From there on, “Valley Girl” was basically wall-to-wall new wave discoveries — catchy, synth-powered songs from bands that hadn’t yet broken, lending cred to an otherwise conventional tale of the edgy, slightly older guy who shows a materialistic high school junior there’s more to life than shopping. Director Martha Coolidge spent nearly half her budget on music rights, recognizing that the soundtrack would serve as the pulse to a movie that made a far greater cultural impact than anyone could have imagined: It popularized valleyspeak (of the original lingo, only “tubular” and “bitchin’” haven’t stuck), made a star of Nicolas Cage and redefined the way teen movies used music.

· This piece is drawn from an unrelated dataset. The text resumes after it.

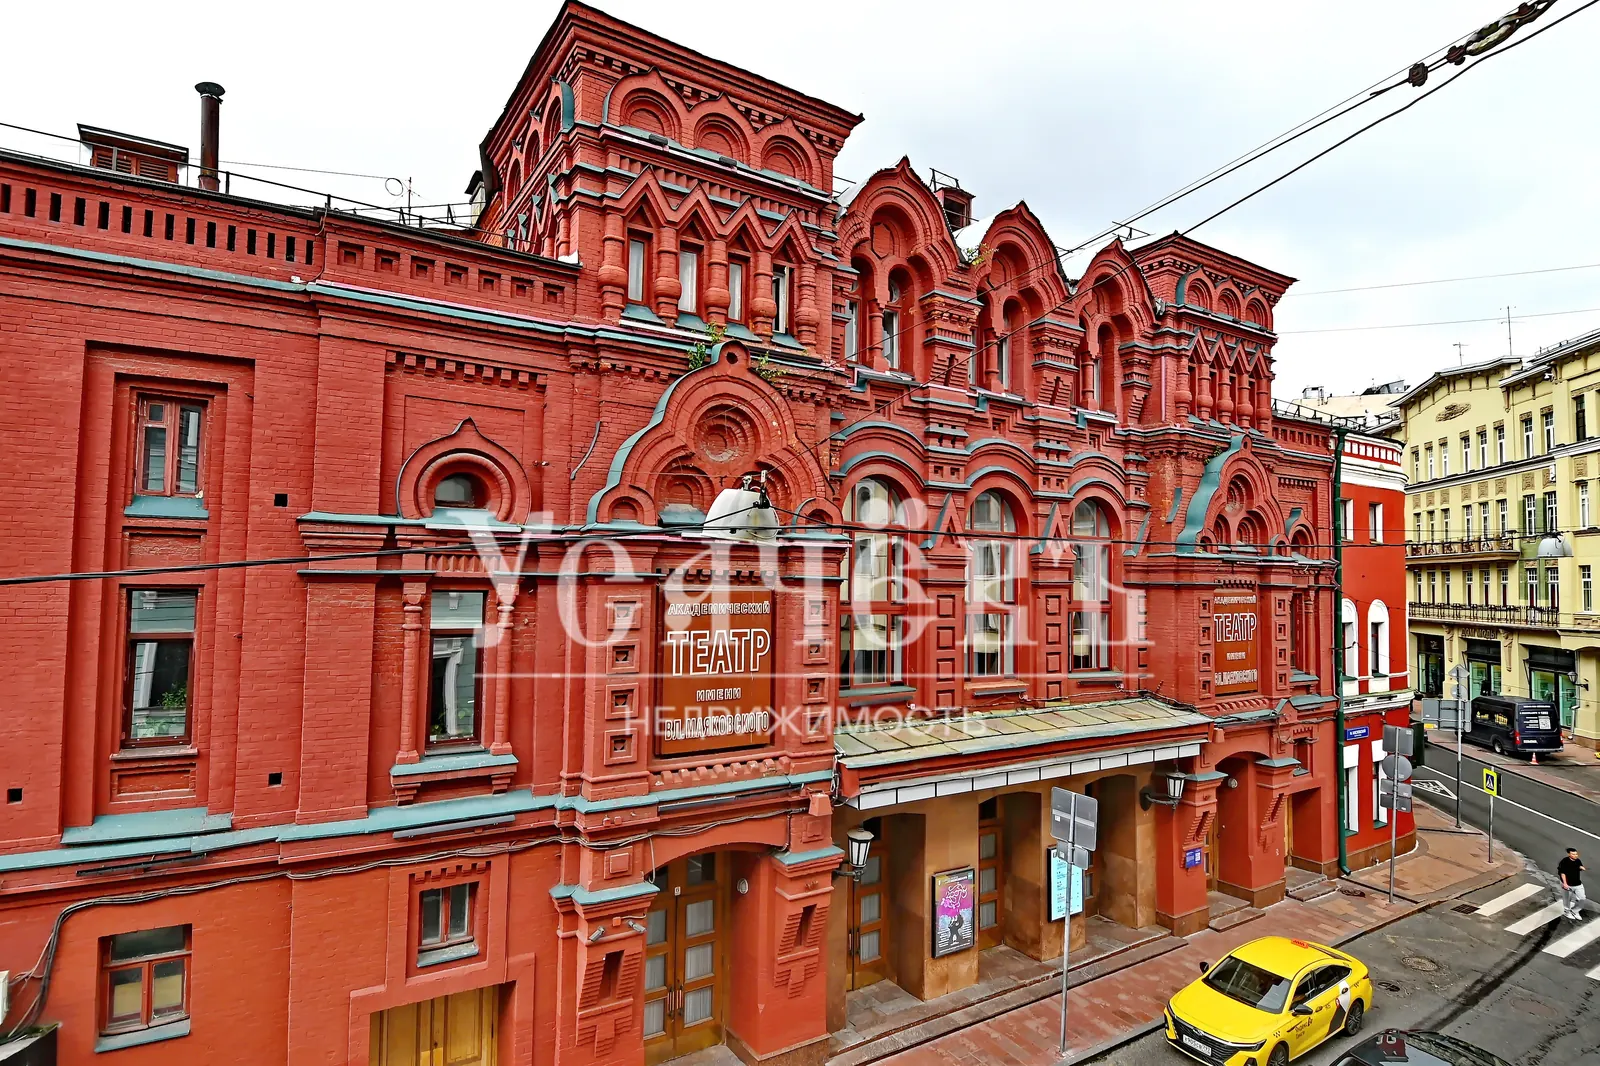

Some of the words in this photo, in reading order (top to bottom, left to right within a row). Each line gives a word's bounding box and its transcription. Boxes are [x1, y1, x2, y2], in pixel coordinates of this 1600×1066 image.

[668, 601, 770, 616] АКАДЕМИЧЕСКИЙ
[1214, 612, 1257, 642] ТЕАТР
[667, 628, 770, 676] ТЕАТР
[696, 687, 741, 702] ИМЕНИ

Now a remake has arrived, and get this: It’s a musical. That seems fitting, except the 2020 update — a sparkling but unwanted bauble directed by Rachel Lee Goldenberg, who wasn’t born until two years after the 1983 film opened — is so steeped in nostalgia that it’s an entirely different animal, “a million miles away” from the cult classic that only just found its way to VOD for the first time last month. Instead of feeling ahead of the zeitgeist, as “Valley Girl” was, this “High School Musical”-style cover version is stuck in the past, a strange pastel-colored, big-haired, thrift-store tribute to one of America’s tackiest decades, hitched to a retro roster of vintage pop tunes. Some were there in the original; others, like an aerobics-class workout to Madonna’s “Material Girl,” would’ve fit right in.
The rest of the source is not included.